Let's jump forward a decade to 2006 when I took over the reigns as Chairman of the Ogilvy Group in the UK. By then web 2.0 was well under way and ' wouldn't you know it ' we as the communications industry were at it again ' practically squabbling in open bazaars to buy anything that vaguely resembled something we didn't know and felt threatened by. Guess what? It's past in the UK. All agencies are digital and if they are not, they are failing. And I'm really hoping it passes here soon.
But wait! There is more! And this is particularly important in the South African context. Hail the era of the mobile phone (and the advent of The Phone Guy). Actually ' and here is a good news story ' I was involved in securing the services of a very talented young man in the UK, who had an uncanny talent for developing really useful mobile apps. We pitched together on two large UK brands and won both. In both cases, the prospective clients tried to bargain to secure the use of our 'Phone Guy' exclusively. Of course, I said no, but the irony of this is that the self same guy had approached both of these client companies previously ' on his own ' to demonstrate his talent and got nowhere at all.

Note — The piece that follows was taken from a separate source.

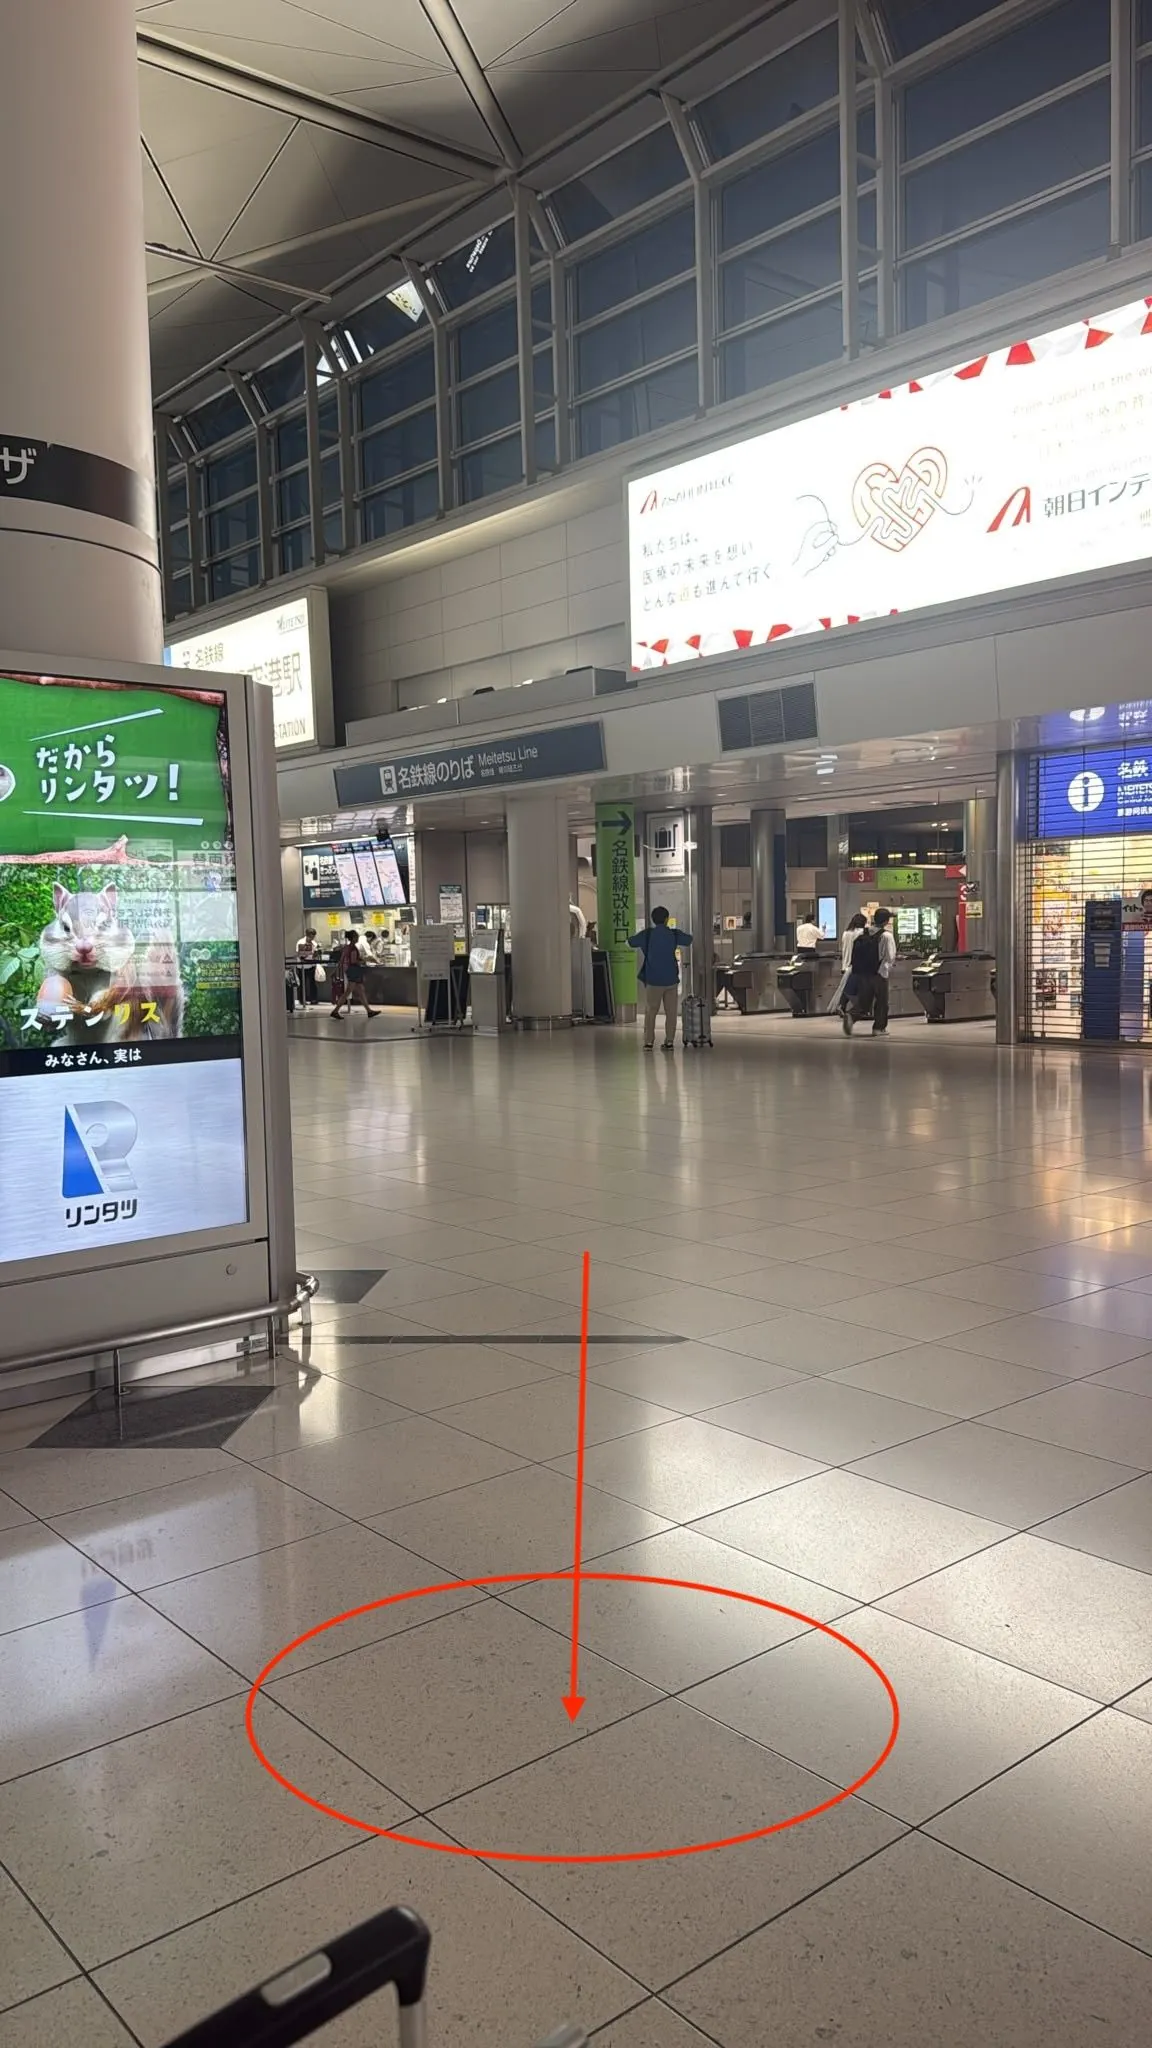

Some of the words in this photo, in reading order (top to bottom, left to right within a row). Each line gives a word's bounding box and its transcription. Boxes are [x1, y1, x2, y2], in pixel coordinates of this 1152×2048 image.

The point I am trying to make is that when his ideas were rooted in an overarching insight and a great idea, they came to life. Without these, his product was just another in the myriad of apps available! Why do we allow ourselves to be so threatened by the ever changing media landscape? Has history not shown us that we must and do ultimately embrace and master these new developments ' time and again.
And that the key is to own the insight, the idea and then to select the best mix of channels to deliver the message? The channels will always change and evolve ' as they should and must. The communications Industry, however, will always be about insights and ideas. And that will not change. Ever. I promise!
And you can trust me ' cause I am in advertising!!